Free-text object descriptions
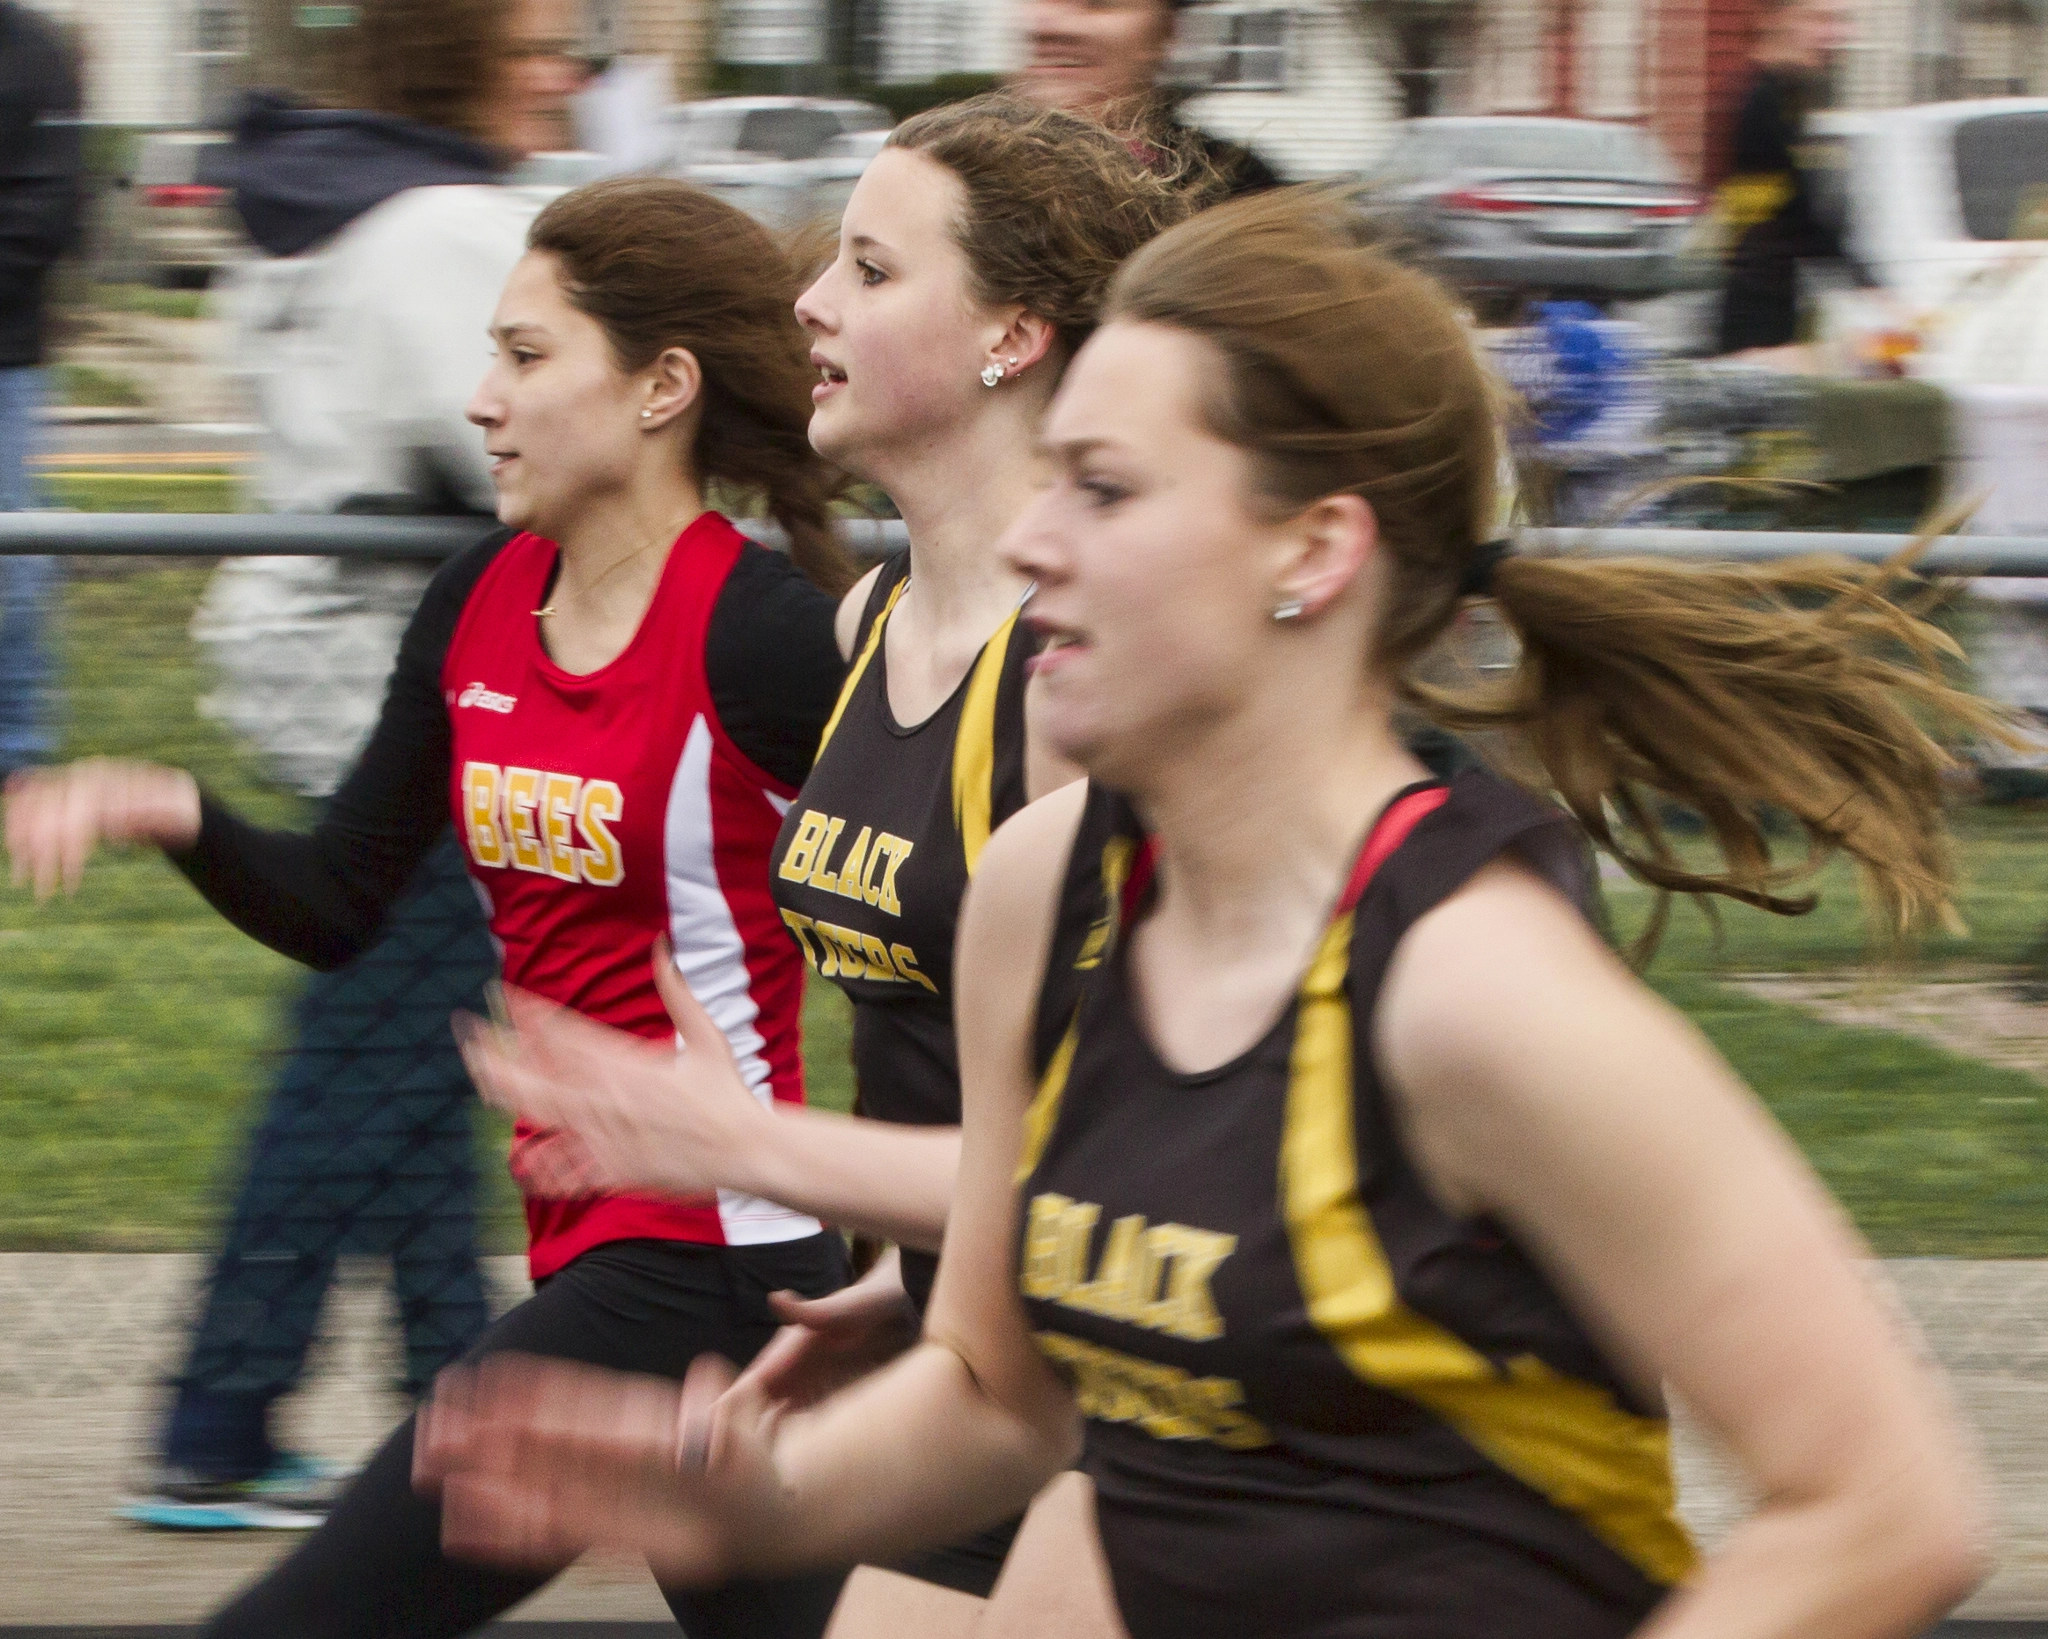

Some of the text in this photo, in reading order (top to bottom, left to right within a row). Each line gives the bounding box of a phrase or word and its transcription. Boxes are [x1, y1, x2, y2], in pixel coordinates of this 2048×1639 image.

[462, 761, 626, 887] BEES
[779, 809, 914, 917] BLACK
[1021, 1192, 1239, 1343] BLACK
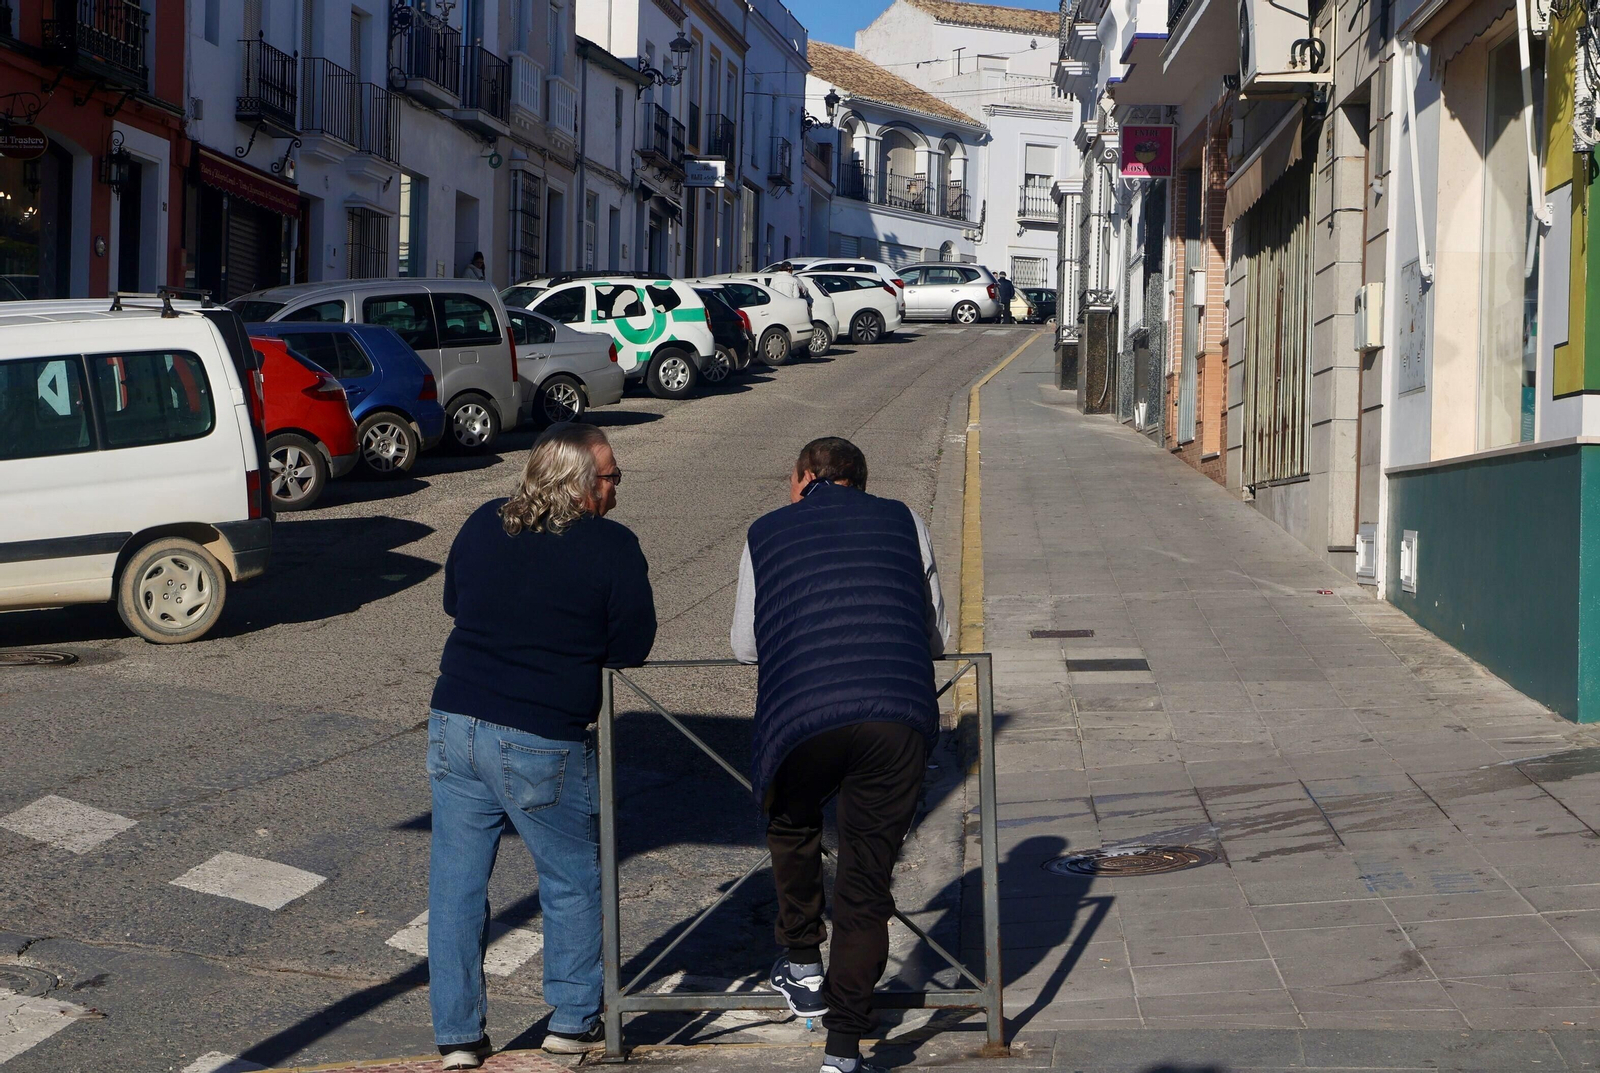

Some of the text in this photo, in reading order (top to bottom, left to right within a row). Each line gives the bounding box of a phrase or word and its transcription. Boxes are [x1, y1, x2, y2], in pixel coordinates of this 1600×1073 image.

[1135, 129, 1159, 137] ENTRE
[9, 136, 44, 144] Trastero
[1125, 165, 1167, 173] COSTURAS

• _PROBLEM STATEMENT_: Give the data above back unchanged, except for the pictures.

• _RESULT FOR THIS TASK_:
Some of the text in this photo, in reading order (top to bottom, left to right within a row). Each line gives the bounding box of a phrase or word and its transcription. Boxes are [x1, y1, x2, y2], in pixel coordinates of this 2048×1639 image.

[462, 761, 626, 887] BEES
[779, 809, 914, 917] BLACK
[1021, 1192, 1239, 1343] BLACK

Some of the text in this photo, in reading order (top to bottom, left to right within a row). Each line gives the bounding box of a phrase or word and its transcription. Boxes are [x1, y1, x2, y2], in pixel coordinates of this 1600×1073 image.

[1135, 129, 1159, 137] ENTRE
[9, 136, 44, 144] Trastero
[1125, 165, 1167, 173] COSTURAS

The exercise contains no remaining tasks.